New Haven Railroad president Patrick B. McGinnis initially proposed purchasing 88 FL9s, though the railroad was ultimately unable to afford this quantity. Instead, an initial order was placed for 30 units, numbered 2000 to 2029. The first two members of the class (2000 and 2001) began production in October 1956 and entered service with the New Haven towards the beginning of 1957. They were built with Blomberg B front trucks, but these were quickly replaced with Flexicoil trucks as the Blomberg trucks lacked room for fitting a contact shoe. They were first sent to the Harlem Line, at the time operated by the New York Central Railroad, where the third rail equipment was tested. The tests ended with units 2000 and 2001 both suffering electrical fires, so they were returned to EMD to resolve identified issues. The electrical fires were traced to issues with insulation. Testing also revealed that the contact shoes would sometimes break off of the locomotive when connecting to the third rail. EMD completed its work and returned the units to the railroad approximately six months later, and this time they completed third rail testing without issues. Full delivery of the first 30 units commenced following the satisfactory completion of testing.

The initial order of FL9s (2000 to 2029, New Haven Railroad class EDER-5, indicating electric-diesel-electric-road) were built between October 1956 and November 1957 with the 16-cylinder EMD 567C engine generating a nominal power of 1750 hp. The first 30 units were priced at $280,000 each for a total cost of $8.4 million. Several features on the first order were not repeated on the second order placed a few years later. These included the provision of an extra seat in the locomotive cabs for use by a brakeman and multiple-unit connections on both the front and rear; both of these changes were meant to support using FL9s to pull freight trains. Dynamic brakes were also excluded from the second order of FL9s, with only the resistor grids kept.

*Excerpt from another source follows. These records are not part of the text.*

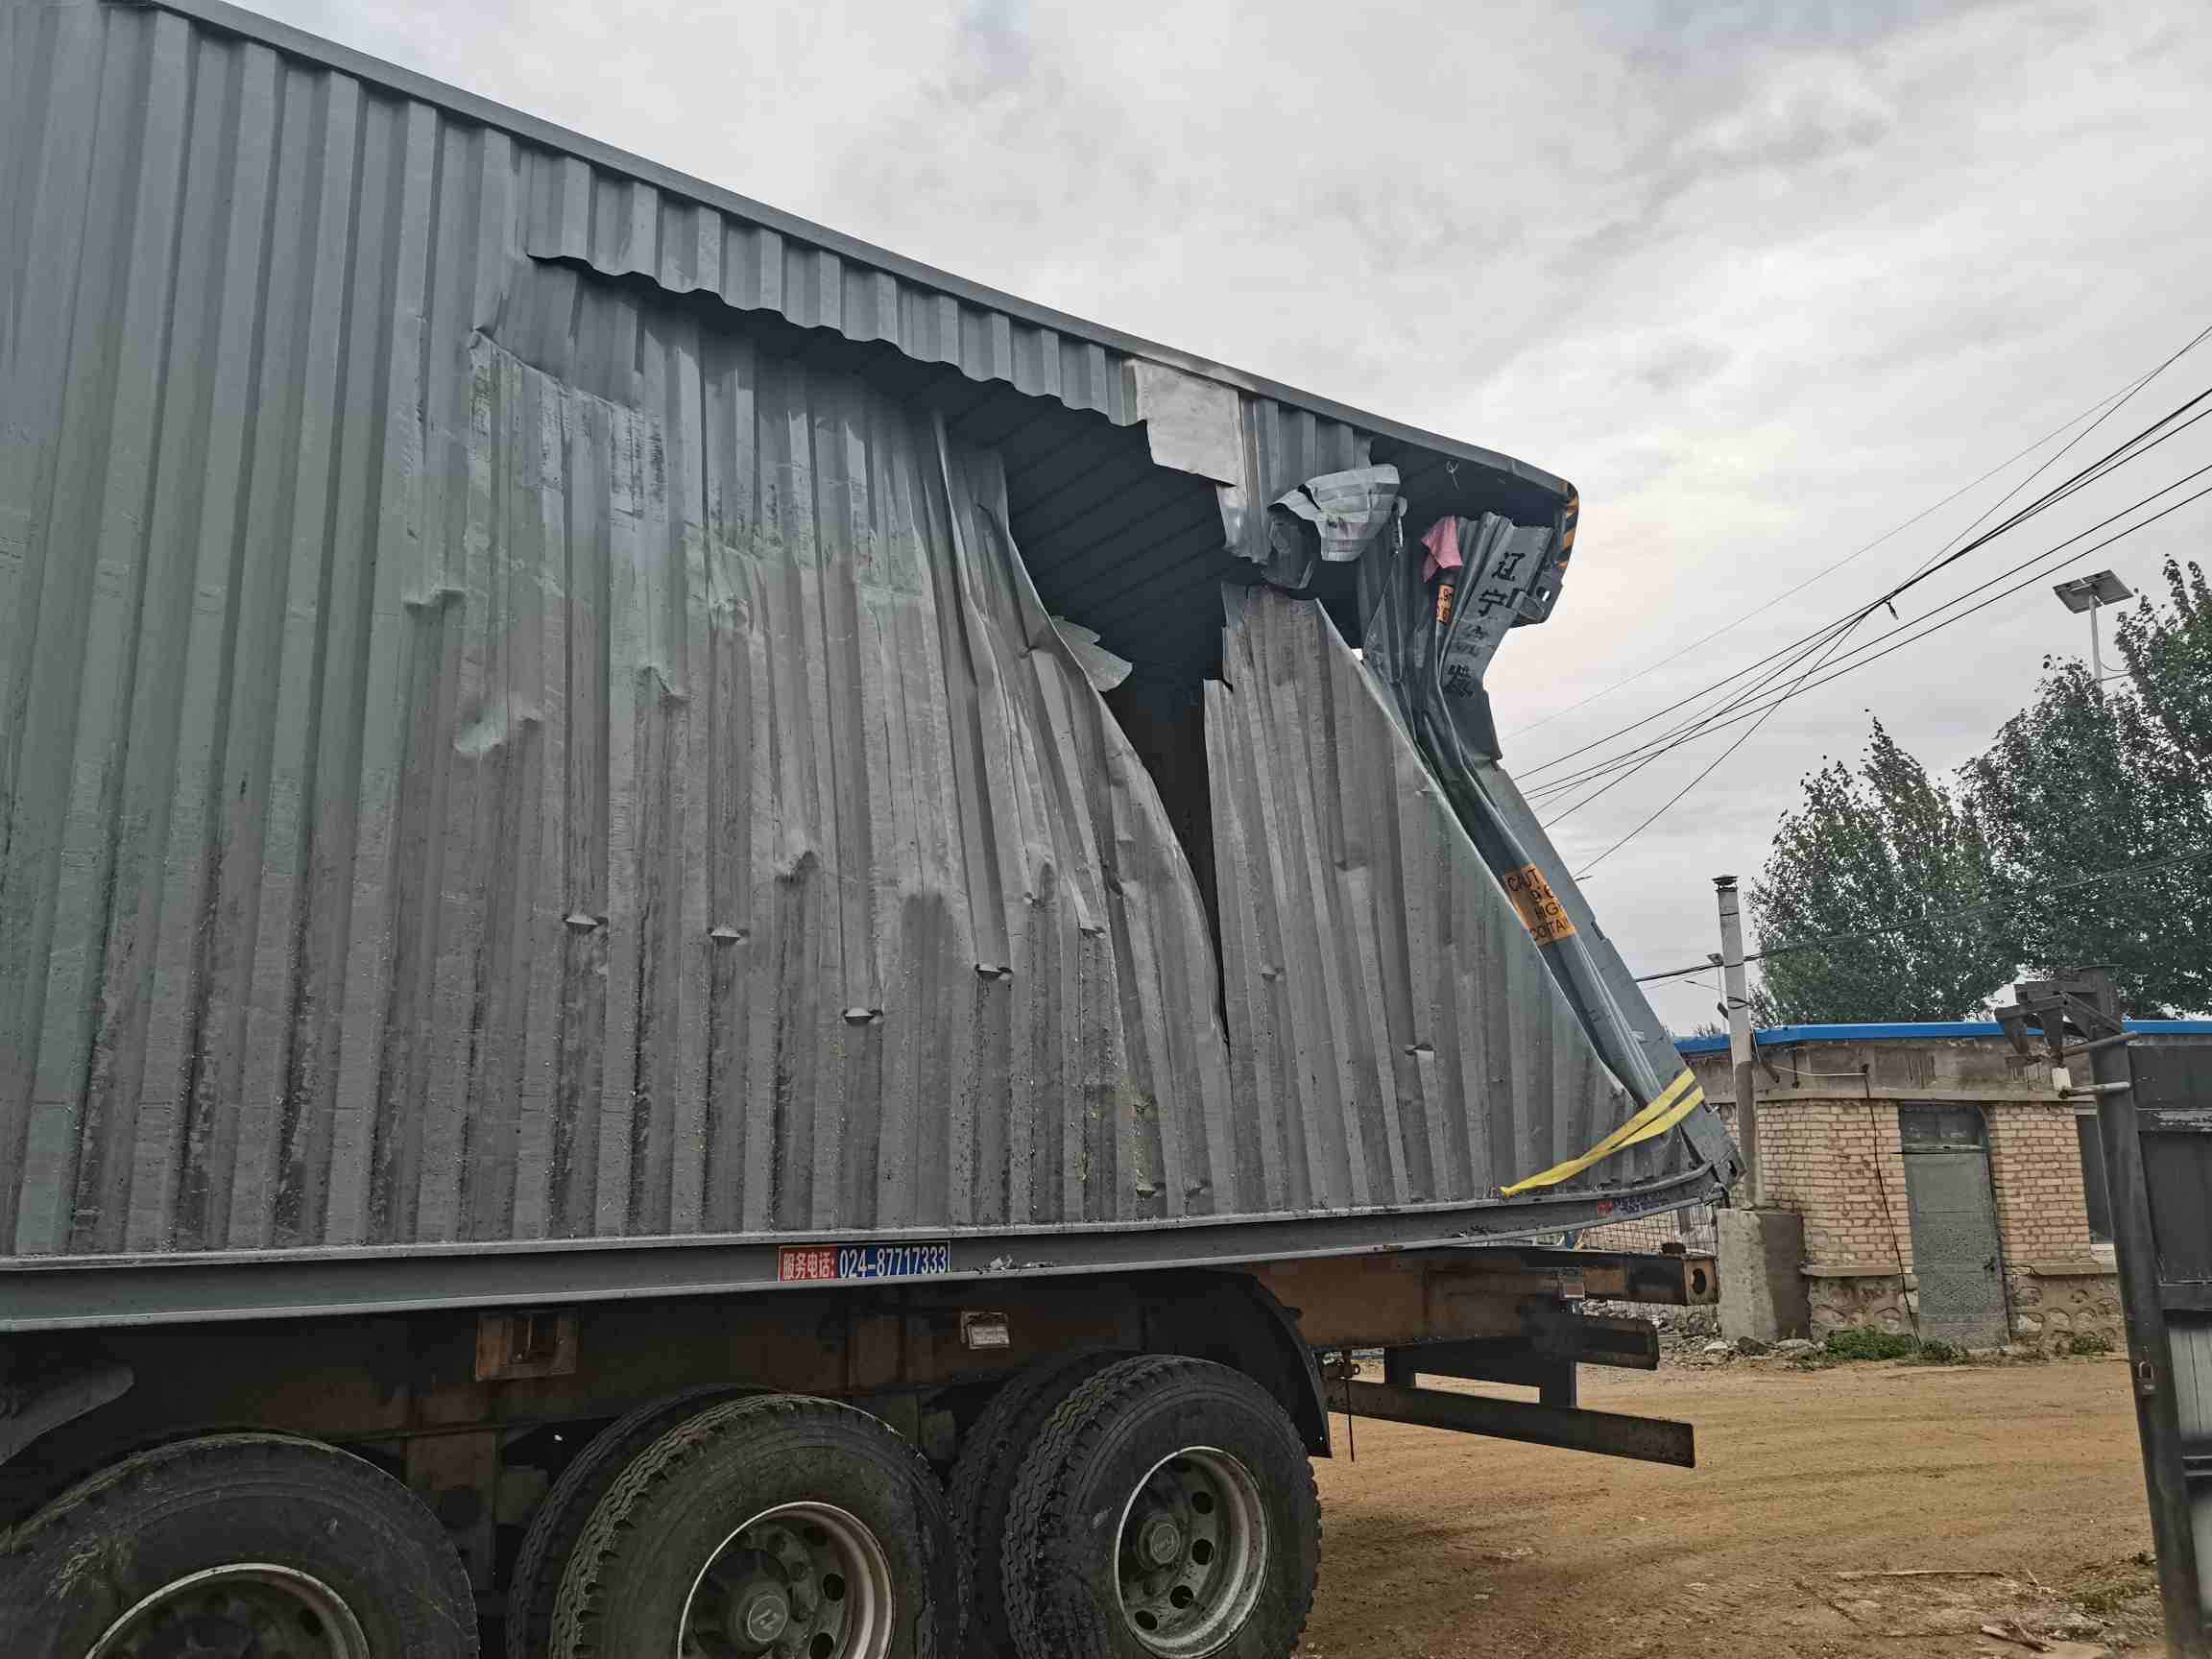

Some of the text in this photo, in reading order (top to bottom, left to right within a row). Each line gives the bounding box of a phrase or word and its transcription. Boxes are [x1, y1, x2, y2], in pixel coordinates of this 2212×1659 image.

[783, 1245, 947, 1281] 服务电话: 024-87717333
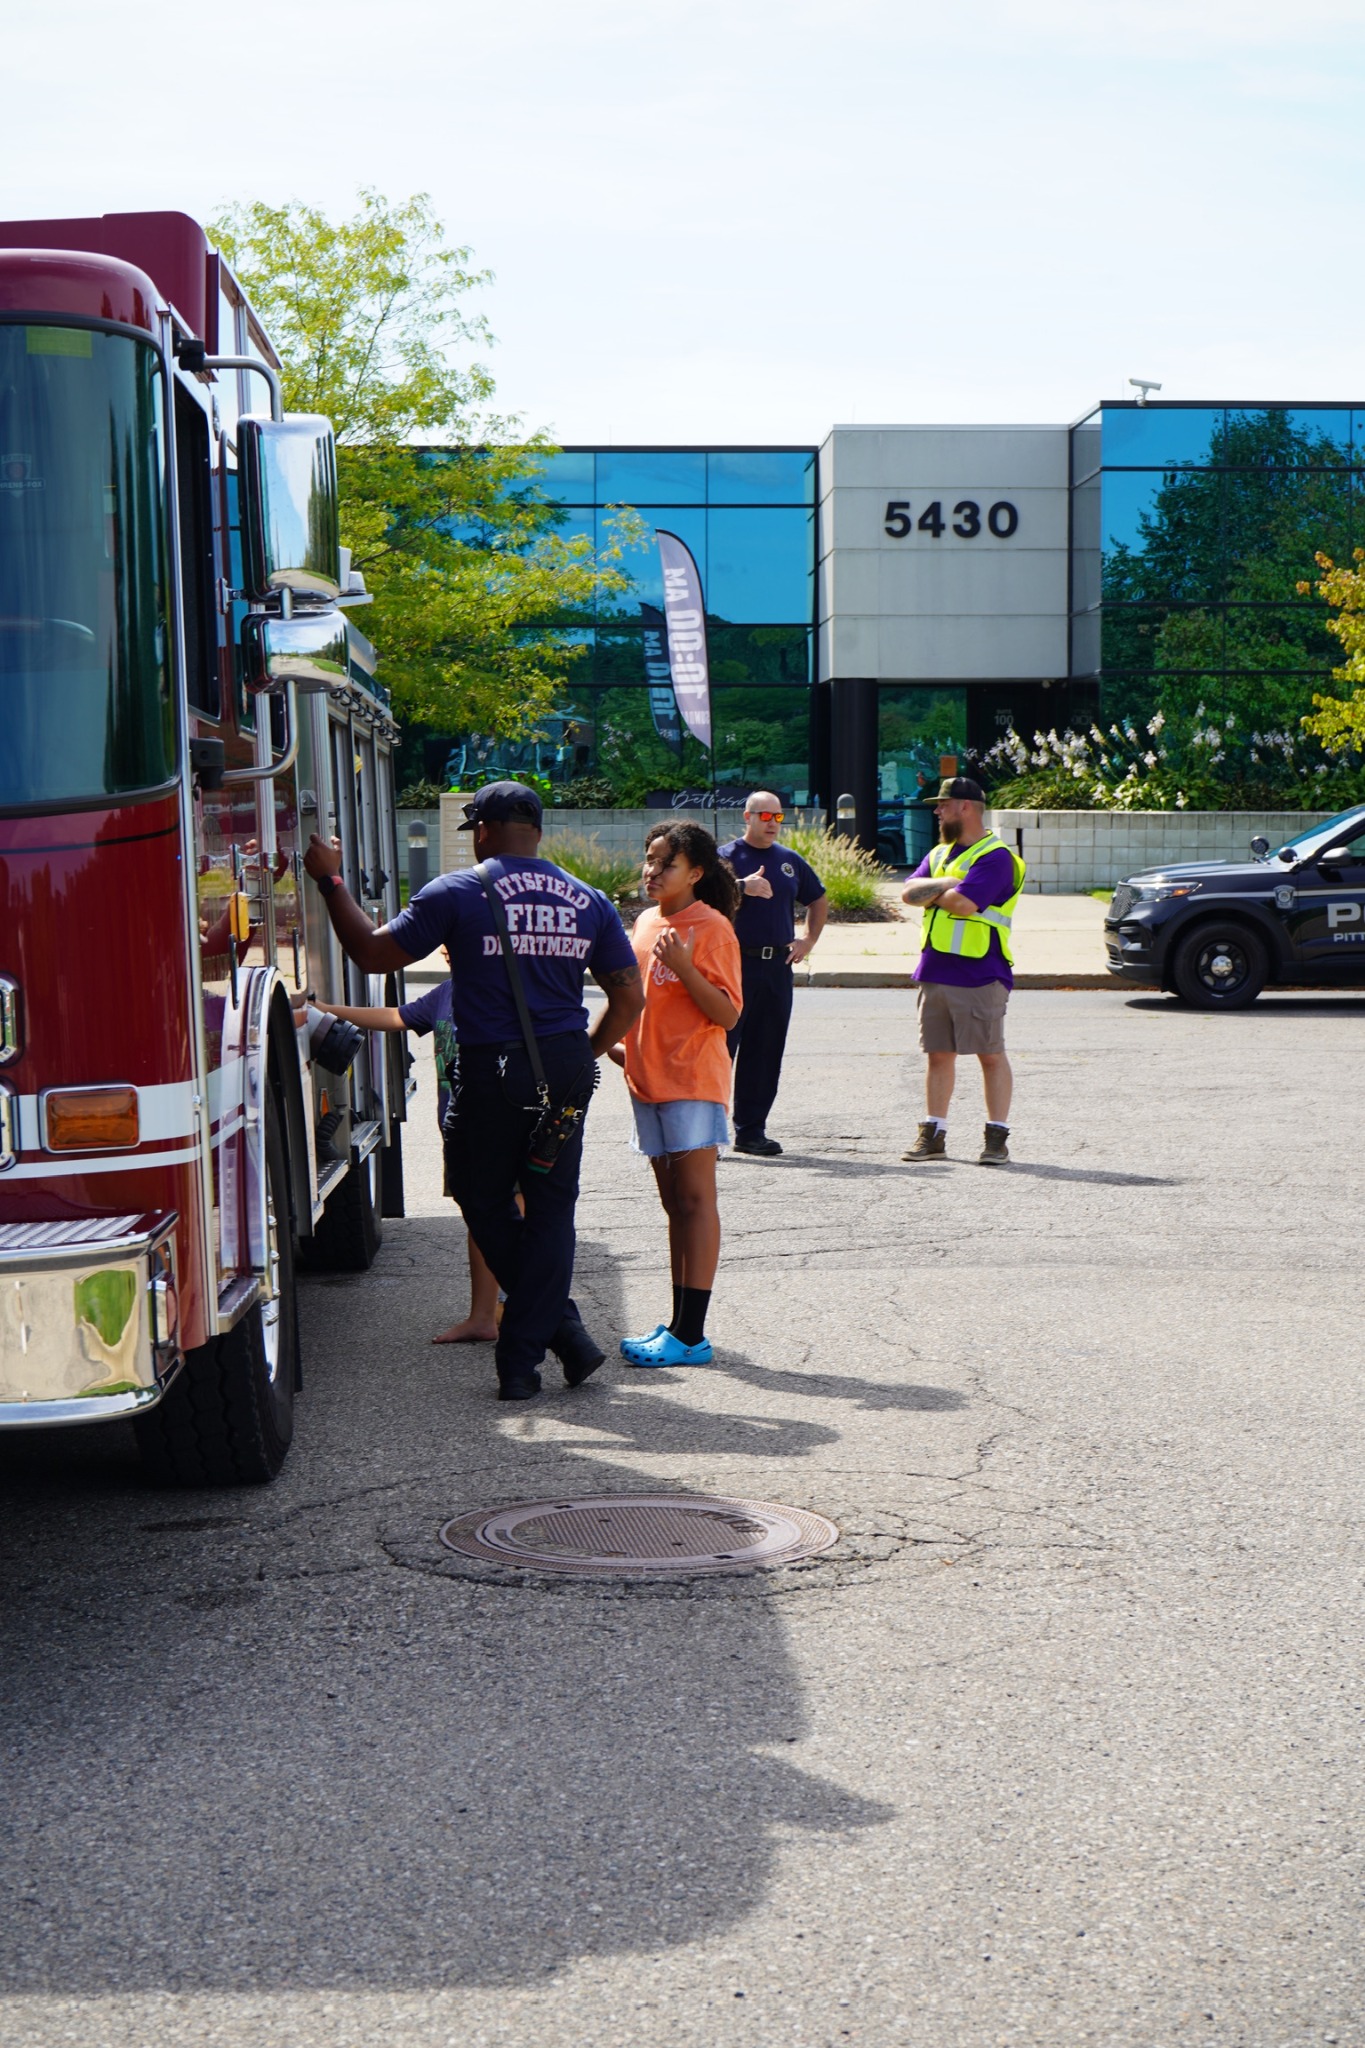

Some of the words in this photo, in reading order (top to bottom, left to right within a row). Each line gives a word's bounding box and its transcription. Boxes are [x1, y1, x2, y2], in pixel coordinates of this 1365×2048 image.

[884, 500, 1019, 538] 5430
[994, 714, 1014, 726] 100
[481, 872, 591, 910] ITTSFIELD
[504, 903, 577, 934] FIRE
[1327, 902, 1365, 928] P

Additionally, the first 30 locomotives supplemented their contact shoes with a small DC pantograph for use within New York City's Grand Central Terminal, where long gaps exist in the third rail because of the complex trackage that includes numerous railroad switches. Short sections of overhead catenary (provided in the form of overhead mounted third rail) were placed within the terminal trackage by the New York Central in case locomotives stalled out in a gap or had issues with their contact shoes, so that locomotive power could be restored by raising a pantograph. This system was disliked and not used by most engineers, and there were multiple incidents where the pantograph was extended too soon, struck the overhead third rail and dislodged it from the ceiling; "the resulting fireworks caused considerable damage". The pantographs were deleted from the second locomotive order as a result.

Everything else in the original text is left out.